Apple inc. (20240312468). Spatial Audio Upscaling Using Machine Learning simplified abstract

From WikiPatents
Jump to navigation Jump to search

Spatial Audio Upscaling Using Machine Learning

Organization Name

apple inc.

Inventor(s)

Ismael H. Nawfal of Redondo Beach CA (US)

Symeon Delikaris Manias of Los Angeles CA (US)

Mehrez Souden of Los Angeles CA (US)

Joshua D. Atkins of Lexington MA (US)

Spatial Audio Upscaling Using Machine Learning - A simplified explanation of the abstract

This abstract first appeared for US patent application 20240312468 titled 'Spatial Audio Upscaling Using Machine Learning

Simplified Explanation: The patent application describes a method to convert first order ambisonics (FOA) audio into a higher order ambisonics (HOA) format using machine learning.

  • **Key Features and Innovation:**
   * Processor formats FOA audio signals into audio frames.
   * Machine learning model reformat the audio into desired HOA format.
   * Output audio in HOA format can be rendered in a playback format of choice.
  • **Potential Applications:**
   * Virtual reality audio experiences.
   * Immersive audio for gaming.
   * Audio production and post-production.
  • **Problems Solved:**
   * Simplifies the conversion process from FOA to HOA.
   * Enhances the quality and realism of sound scenes.
  • **Benefits:**
   * Improved audio quality.
   * Enhanced immersive experiences.
   * Streamlined audio production workflows.
  • **Commercial Applications:**
   * Virtual reality content creation.
   * Gaming audio development.
   * Audio software tools for professionals.
  • **Prior Art:**
   Research existing patents related to ambisonics audio processing and machine learning in audio production.
  • **Frequently Updated Research:**
   Stay informed about advancements in ambisonics audio technology and machine learning applications in audio processing.

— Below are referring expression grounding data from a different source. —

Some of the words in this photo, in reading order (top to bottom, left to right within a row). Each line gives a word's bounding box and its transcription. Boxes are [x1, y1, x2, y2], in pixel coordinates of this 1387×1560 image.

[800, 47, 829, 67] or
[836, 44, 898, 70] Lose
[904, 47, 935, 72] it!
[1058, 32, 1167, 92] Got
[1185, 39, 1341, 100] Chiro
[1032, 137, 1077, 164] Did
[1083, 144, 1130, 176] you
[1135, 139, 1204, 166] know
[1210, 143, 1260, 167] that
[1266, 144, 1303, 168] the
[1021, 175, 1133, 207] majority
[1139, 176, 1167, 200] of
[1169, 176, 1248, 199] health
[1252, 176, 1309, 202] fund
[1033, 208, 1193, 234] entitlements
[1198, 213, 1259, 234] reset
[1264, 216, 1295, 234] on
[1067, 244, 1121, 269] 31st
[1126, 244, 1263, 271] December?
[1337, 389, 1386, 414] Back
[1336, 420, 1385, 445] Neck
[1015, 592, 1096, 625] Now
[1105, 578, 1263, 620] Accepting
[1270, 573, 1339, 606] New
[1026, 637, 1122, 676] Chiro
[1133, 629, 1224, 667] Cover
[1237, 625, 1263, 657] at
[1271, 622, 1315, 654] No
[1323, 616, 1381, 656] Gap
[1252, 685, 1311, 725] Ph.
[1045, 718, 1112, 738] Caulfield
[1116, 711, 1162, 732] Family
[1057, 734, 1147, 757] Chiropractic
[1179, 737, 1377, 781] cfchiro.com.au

Questions about Ambisonics Audio Processing: 1. What are the potential limitations of using machine learning for audio format conversion?

   - Machine learning models may require extensive training data and computational resources to achieve accurate results.

2. How does the reformatting of audio signals impact the overall sound quality in different playback formats?

   - The reformatting process may introduce artifacts or distortions that affect the perceived audio quality.


Original Abstract Submitted

a sound scene is represented as first order ambisonics (foa) audio. a processor formats each signal of the foa audio to a stream of audio frames, provides the formatted foa audio to a machine learning model that reformats the formatted foa audio in a target or desired higher order ambisonics (hoa) format, and obtains output audio of the sound scene in the desired hoa format from the machine learning model. the output audio in the desired hoa format may then be rendered according to a playback audio format of choice. other aspects are also described and claimed.